I've said I get too much credit for putting my job aside and making a go for it in Flagstaff in 2000. In reality what was I sacrificing? I was young, with no family, a good degree, etc. If everything failed in Flagstaff, except for a few months wages, all I would lose was a little pride. I think it says something more about our society with all its wealth, that I'm held up as some sort of hero, all for just taking a chance and putting aside a steady job for a little while. It's human nature to evaluate the outcome (what would everyone be saying about me if I moved to Flagstaff and ran 29:25 for 10k and you never heard of me?) instead of the process.
So on to your question.
1. Is it worth it for a 24 year old nobody and a 20 year old to move to flagstaff to focus on training?
So of course I'm supposed to say yes it's worth it. But my first inclination is to say no it's not worth it. You seem to hint at this by asking the same question twice. First you say, "Is it worth it? Yes" (seemingly for people who perhaps are a bit faster than you or have it work out in the end like me) and then asking again, "But at our talent levels, is it worth it?"

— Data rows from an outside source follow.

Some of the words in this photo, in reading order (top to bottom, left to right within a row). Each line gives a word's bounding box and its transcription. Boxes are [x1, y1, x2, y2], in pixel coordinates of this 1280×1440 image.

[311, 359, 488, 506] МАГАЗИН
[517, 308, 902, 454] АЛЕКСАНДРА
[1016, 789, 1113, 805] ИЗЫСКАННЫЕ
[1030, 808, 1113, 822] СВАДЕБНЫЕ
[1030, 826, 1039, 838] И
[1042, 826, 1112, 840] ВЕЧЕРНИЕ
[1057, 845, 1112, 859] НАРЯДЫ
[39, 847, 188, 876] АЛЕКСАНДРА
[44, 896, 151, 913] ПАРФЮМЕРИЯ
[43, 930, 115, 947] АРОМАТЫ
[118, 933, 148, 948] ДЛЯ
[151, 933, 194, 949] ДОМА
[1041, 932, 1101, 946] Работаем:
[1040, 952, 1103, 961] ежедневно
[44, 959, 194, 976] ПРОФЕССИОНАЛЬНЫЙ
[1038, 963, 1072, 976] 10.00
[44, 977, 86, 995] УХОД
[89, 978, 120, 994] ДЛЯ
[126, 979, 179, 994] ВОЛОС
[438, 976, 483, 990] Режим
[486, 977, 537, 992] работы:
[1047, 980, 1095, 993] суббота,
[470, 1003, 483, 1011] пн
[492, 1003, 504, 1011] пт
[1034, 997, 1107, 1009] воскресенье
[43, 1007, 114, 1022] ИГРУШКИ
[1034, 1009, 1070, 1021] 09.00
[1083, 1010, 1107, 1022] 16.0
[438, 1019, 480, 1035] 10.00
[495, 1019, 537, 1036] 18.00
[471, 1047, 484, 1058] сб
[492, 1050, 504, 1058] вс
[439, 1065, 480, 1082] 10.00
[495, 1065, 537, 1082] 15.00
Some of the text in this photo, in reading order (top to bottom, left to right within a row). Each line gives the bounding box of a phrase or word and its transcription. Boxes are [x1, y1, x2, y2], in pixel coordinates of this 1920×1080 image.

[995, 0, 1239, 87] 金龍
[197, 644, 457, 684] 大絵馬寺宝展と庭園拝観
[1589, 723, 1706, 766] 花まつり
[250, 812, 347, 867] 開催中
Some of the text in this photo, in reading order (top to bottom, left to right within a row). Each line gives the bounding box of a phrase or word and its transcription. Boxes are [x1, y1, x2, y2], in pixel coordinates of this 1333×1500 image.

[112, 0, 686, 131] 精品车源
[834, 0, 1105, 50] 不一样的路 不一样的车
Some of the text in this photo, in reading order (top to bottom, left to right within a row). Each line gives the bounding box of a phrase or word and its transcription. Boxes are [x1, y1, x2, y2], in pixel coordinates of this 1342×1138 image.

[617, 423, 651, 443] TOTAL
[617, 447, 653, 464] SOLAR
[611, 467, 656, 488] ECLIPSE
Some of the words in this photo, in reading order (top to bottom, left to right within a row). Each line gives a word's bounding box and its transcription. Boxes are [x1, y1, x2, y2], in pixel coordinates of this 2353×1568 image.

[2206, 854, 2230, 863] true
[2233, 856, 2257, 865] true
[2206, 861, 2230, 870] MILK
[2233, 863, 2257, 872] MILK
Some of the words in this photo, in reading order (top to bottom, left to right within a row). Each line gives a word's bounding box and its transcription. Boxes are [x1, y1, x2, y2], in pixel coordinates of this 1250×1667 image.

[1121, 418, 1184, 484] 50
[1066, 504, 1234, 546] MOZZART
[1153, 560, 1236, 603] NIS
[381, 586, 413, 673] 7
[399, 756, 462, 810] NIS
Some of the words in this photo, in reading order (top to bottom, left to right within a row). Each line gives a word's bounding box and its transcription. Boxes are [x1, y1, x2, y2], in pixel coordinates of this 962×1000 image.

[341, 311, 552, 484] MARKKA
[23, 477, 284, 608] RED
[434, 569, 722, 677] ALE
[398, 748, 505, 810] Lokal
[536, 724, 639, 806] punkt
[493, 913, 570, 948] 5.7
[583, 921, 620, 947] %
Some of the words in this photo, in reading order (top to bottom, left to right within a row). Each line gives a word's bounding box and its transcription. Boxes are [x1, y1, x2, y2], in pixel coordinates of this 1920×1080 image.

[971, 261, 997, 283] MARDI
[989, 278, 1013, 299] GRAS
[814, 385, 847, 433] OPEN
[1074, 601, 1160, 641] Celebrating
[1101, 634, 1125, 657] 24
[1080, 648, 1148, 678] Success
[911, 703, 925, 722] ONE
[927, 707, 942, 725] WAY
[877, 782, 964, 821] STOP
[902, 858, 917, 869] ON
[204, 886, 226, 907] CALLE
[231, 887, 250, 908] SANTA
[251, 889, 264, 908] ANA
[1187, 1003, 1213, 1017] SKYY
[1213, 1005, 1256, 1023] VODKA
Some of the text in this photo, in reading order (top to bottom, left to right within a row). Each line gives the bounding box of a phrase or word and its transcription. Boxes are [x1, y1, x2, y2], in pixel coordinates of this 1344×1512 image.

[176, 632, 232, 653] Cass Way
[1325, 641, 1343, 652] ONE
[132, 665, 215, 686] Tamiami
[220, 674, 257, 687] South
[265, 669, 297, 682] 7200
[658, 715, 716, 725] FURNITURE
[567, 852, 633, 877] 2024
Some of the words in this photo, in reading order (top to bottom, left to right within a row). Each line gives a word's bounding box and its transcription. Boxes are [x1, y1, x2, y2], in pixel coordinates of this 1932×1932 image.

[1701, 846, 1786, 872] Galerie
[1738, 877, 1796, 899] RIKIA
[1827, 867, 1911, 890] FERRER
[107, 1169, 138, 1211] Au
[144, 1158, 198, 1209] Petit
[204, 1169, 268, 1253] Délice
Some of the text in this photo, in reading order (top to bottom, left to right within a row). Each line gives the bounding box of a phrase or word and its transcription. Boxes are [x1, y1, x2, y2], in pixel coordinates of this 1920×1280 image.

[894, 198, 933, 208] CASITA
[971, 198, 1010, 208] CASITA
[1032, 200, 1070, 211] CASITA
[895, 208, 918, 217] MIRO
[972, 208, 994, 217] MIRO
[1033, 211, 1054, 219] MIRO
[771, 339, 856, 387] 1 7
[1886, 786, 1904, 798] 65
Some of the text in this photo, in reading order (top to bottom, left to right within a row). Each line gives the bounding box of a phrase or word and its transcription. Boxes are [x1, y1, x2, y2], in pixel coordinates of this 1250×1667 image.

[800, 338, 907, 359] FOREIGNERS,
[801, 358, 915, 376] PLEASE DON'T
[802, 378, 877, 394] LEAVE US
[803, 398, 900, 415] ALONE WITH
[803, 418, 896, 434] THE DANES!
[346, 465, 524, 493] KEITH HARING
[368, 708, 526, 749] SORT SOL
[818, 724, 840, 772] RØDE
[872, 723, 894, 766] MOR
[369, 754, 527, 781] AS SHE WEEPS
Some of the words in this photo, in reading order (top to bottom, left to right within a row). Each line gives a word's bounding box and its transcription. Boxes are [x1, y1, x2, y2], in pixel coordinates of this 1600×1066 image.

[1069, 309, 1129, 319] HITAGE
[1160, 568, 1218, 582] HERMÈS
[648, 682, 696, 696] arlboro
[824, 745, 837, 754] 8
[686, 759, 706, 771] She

Now before I get accused of being a hypocrite, let me say a few things. First, we're not in the same situation. You've run some good times but are a long way from being national class. Granted I had never made nationals on the track at any level before I moved to Flagstaff, but I had made the US Half Marathon team for the World Championships and run a lot faster than you at 10k. The upside for me on an absolute level was a lot closer. I think with anything in life you have to look at what you can achieve and what you possibly are giving up to achieve it. Everything has a (opportunity) cost.
Sometimes, I'll be reading the message boards and be amazed at how obsessed many of the people on there are with the sport. Sometimes, I wonder, "I can't believe how much time and energy all these people put into it, obsessing over the smallest thing" when on some absolute level they are not that good and likely not going to reach the same absolute level I did in the sport. Then I have to laugh, wondering if I'm the poster child for a lot of these obsessed people because I give them the hope (sometimes I add the caveat "false hope") that they too will have the big breakthrough.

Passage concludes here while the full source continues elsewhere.